Models for reopening: Many approaches with no clear-cut leader

The Chronicle of Higher Education has maintained a detailed breakdown of the different learning approaches used by colleges and universities across the country as COVID-19 continues to impact how and where students learn and complete academic requirements. Overall, there are some clear takeaways to keep in mind. Primarily online learning is the dominant model overall. However, with 34% of colleges using this approach, it’s far from the only strategy employed by educators and administrators.

Close behind are primarily in-person learning, at 23%, and a more balanced hybrid model, at 21%. Fully in-person learning isn’t nearly as common, but is still prevalent enough to appear as a sliver in The Chronicle’s pie chart, and the fully online approach has been embraced by roughly 1 out of every 10 colleges and universities.

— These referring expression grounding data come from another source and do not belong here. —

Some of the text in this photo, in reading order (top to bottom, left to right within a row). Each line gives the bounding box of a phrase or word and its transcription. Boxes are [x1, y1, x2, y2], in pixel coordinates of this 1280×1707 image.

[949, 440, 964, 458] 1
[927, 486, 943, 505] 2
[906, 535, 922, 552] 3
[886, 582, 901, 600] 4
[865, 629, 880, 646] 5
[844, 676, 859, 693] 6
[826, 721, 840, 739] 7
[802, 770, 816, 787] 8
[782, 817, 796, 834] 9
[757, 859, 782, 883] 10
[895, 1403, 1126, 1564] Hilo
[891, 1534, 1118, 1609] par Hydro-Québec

The most important takeaway from this information may be that there is no single, broadly agreed upon approach decided upon in the world of higher education. And with all of the variations between how schools operate — from community colleges that simply don’t have an on-campus student population to traditional universities situated in the middle of densely populated urban areas — it’s not particularly surprising. And that’s far from the only factor to consider. Everything the relative severity of COVID-19 infections in a given area to decision-makers’ research efforts and strategy for reaching a final choice can have an impact.

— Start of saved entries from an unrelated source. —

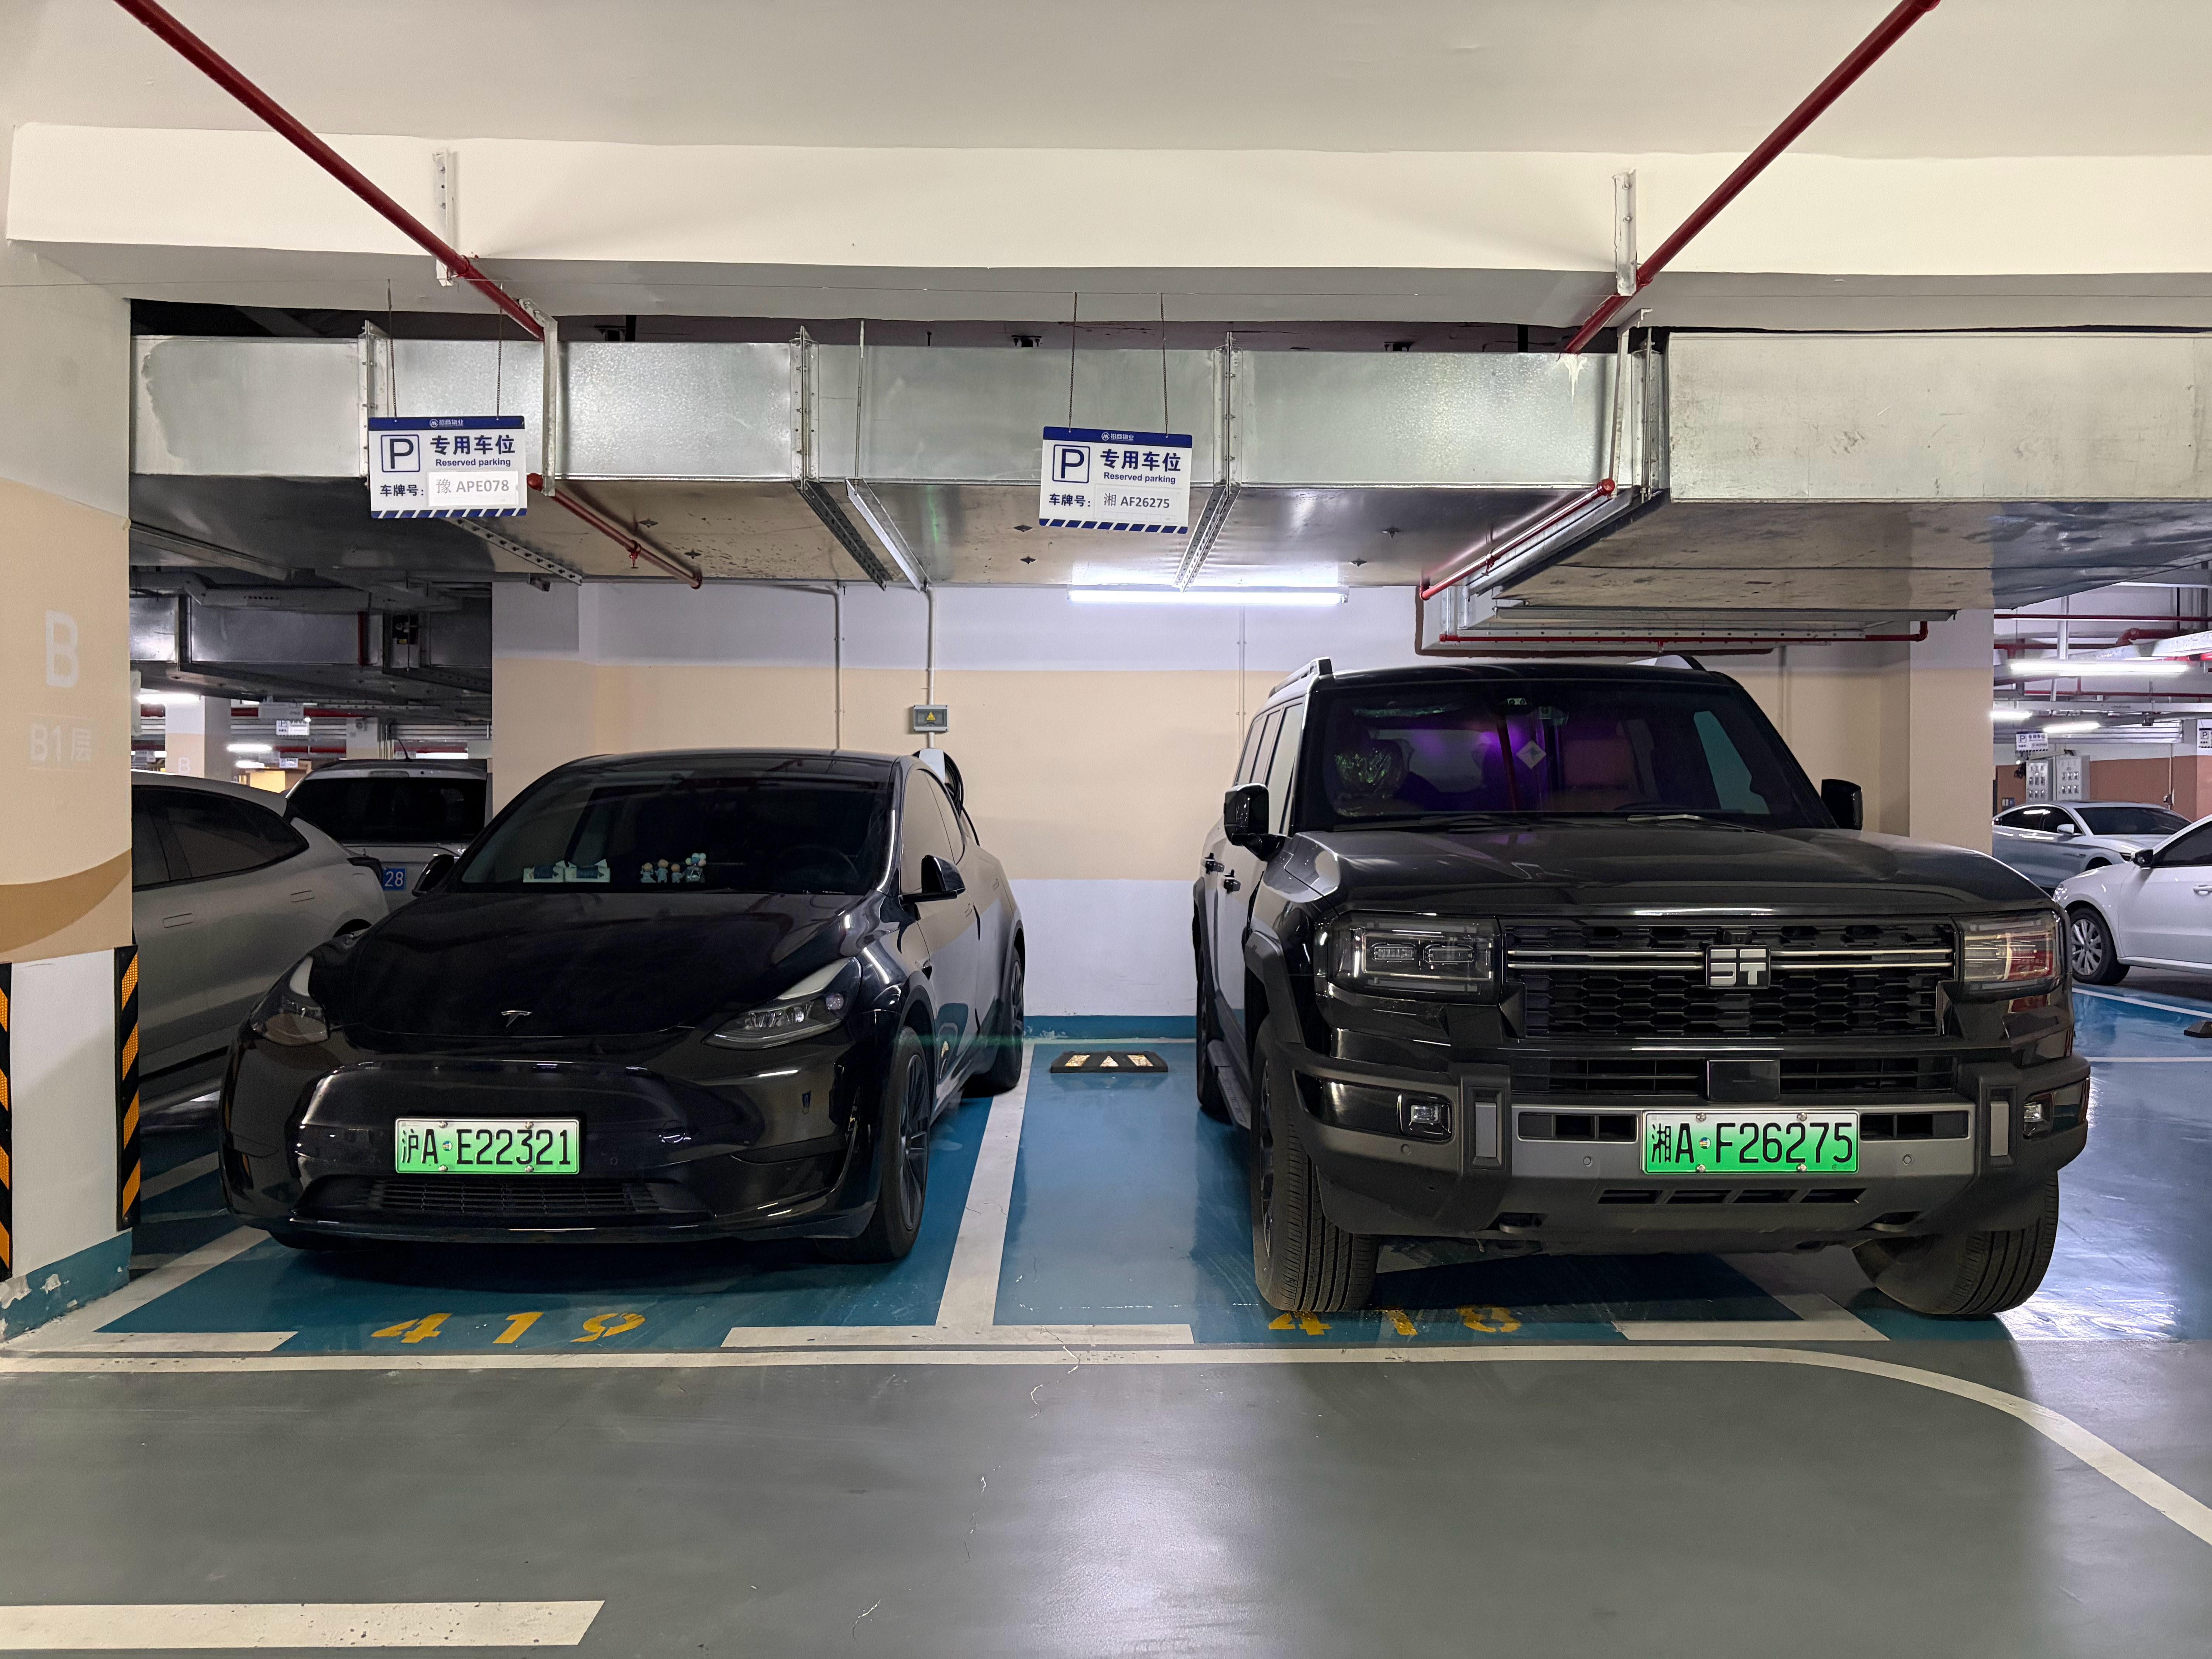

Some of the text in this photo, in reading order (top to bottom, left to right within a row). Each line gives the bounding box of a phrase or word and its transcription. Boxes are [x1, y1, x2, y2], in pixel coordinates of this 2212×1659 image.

[390, 438, 414, 469] P
[430, 435, 515, 455] 专用车位
[479, 458, 511, 467] parking
[1061, 448, 1084, 478] P
[1100, 449, 1181, 472] 专用车位
[456, 480, 510, 492] APE078
[1104, 472, 1176, 484] Reserved parking
[1120, 497, 1170, 508] AF26275
[45, 609, 79, 688] B

Edtech companies should understand that a variety of factors play into each school’s decisions about how to provide instruction. Developing collateral that recognizes the major education formats currently in use at colleges and universities is critical. Marketing and outreach efforts need to acknowledge each school’s individual position and strategy and tie in major benefits of the product or service to that scenario.

It should also be a priority to adapt as colleges and universities change their methods as time goes on. Time magazine detailed a variety of suggestions and realities of operation for institutes of higher learning based on lessons learned so far during the fall 2020 semester. These considerations could influence how schools choose to operate going into the next semester and second half of the standard academic year, so it behooves edtech marketers to stay up to date.

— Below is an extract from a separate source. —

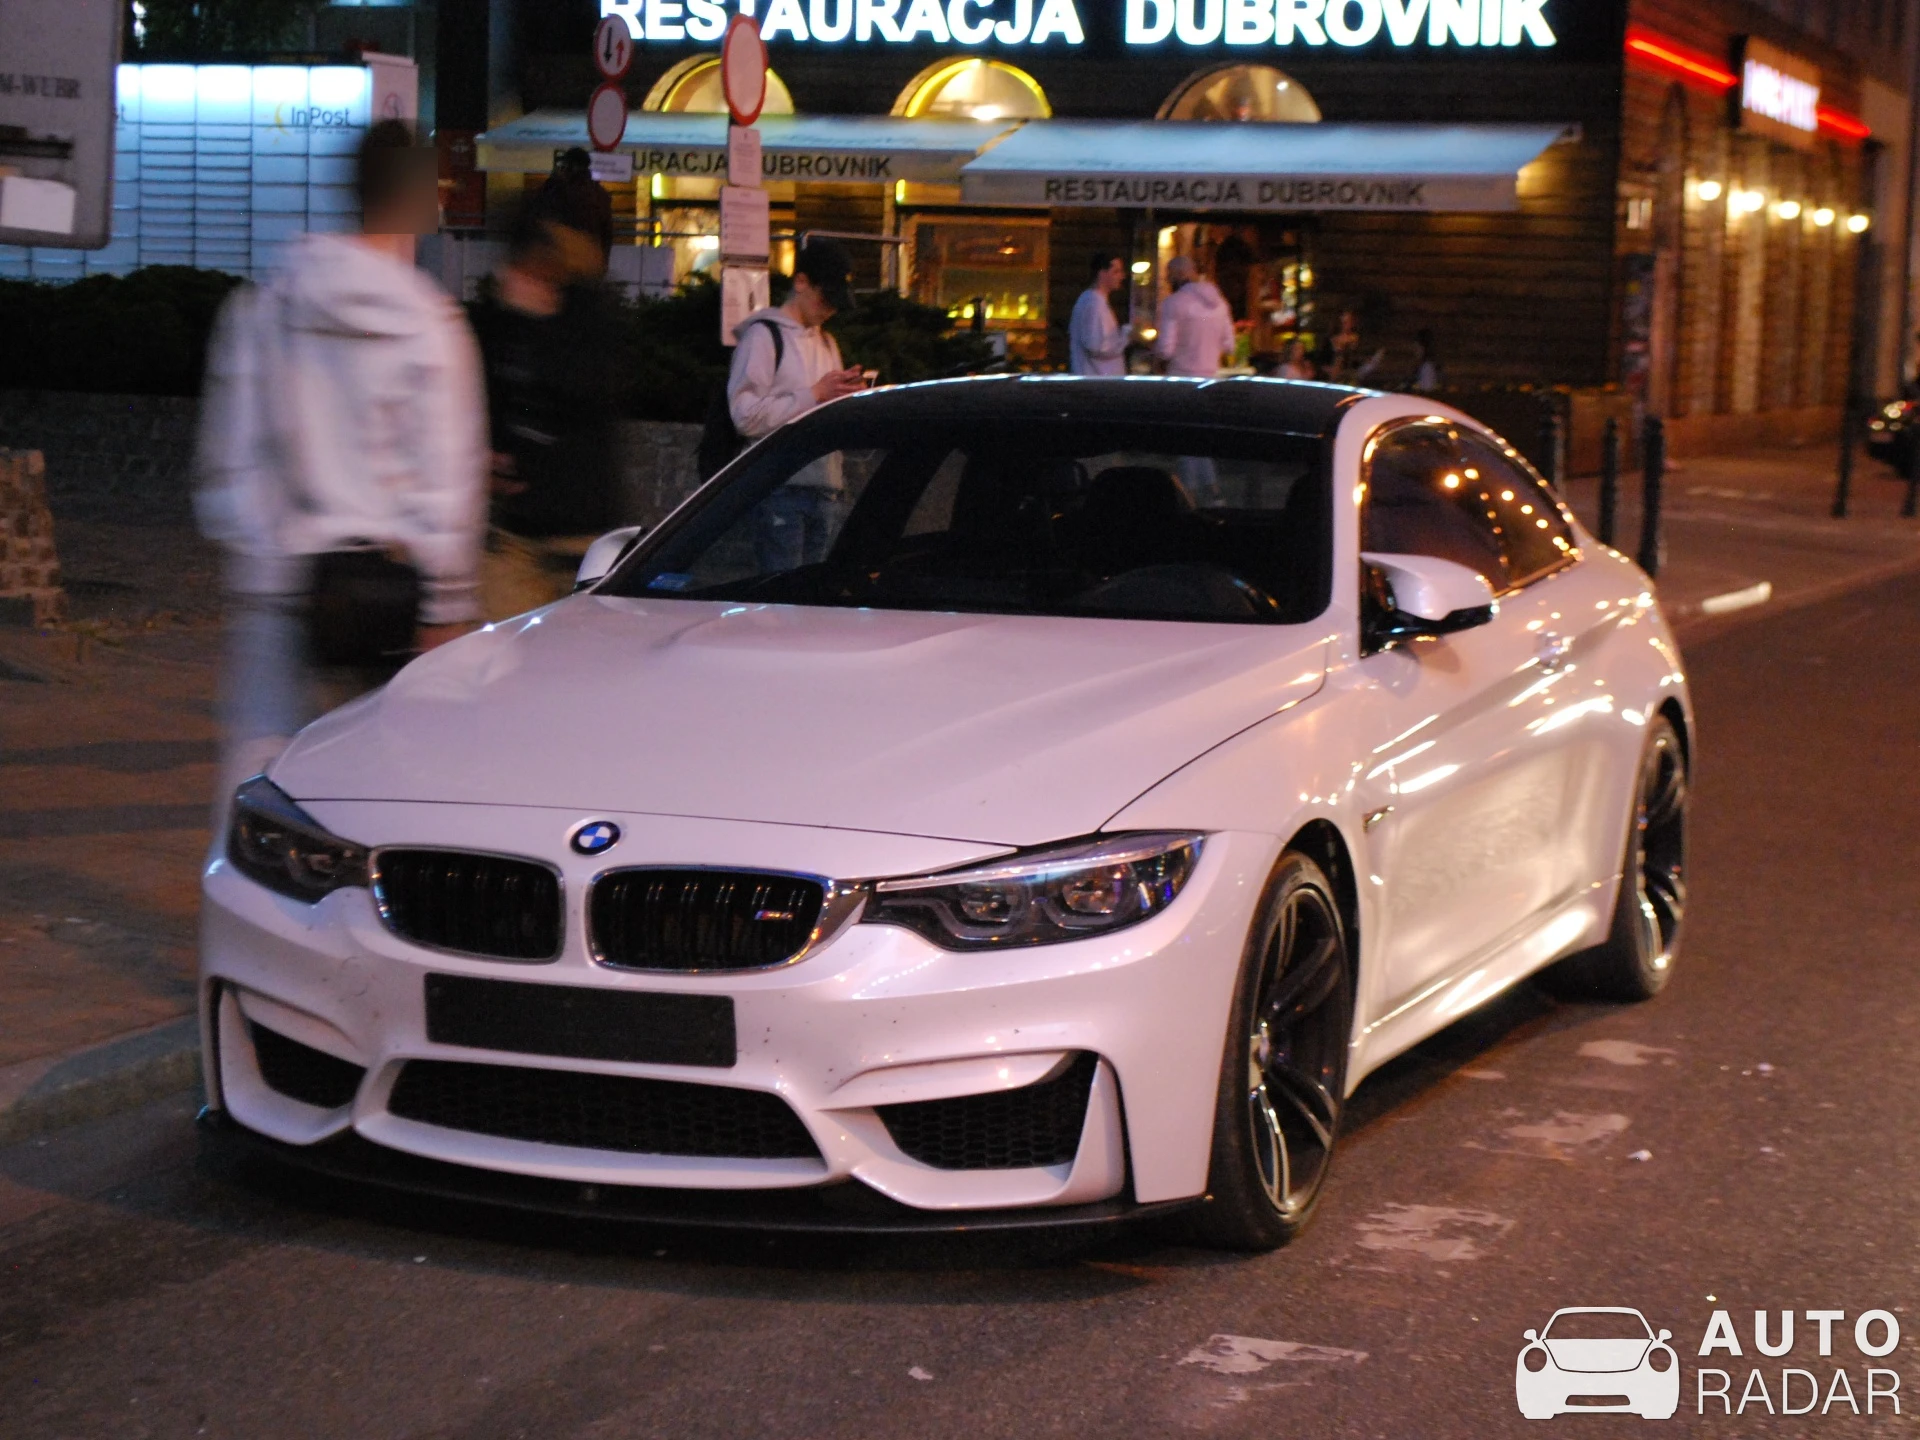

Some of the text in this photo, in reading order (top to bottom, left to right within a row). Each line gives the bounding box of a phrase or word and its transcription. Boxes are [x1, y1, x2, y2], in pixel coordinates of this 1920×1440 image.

[600, 0, 1557, 47] RESAURACJA DUBROVNIK
[291, 106, 350, 126] InPost
[763, 154, 892, 177] UBROVNIK
[1045, 178, 1425, 204] RESTAURACJA DUBROVNIK

A partner for dependable higher education data

Agile understands that education marketing is a complex process even in normal circumstances. Our higher education market intelligence and course-level data options provide businesses just like yours with a valuable resource to plan, target and execute your marketing campaigns as well as identify prospects and understand the educational options they offer students. To learn more about how your company can leverage our data for a variety of positive effects, get in touch with us today.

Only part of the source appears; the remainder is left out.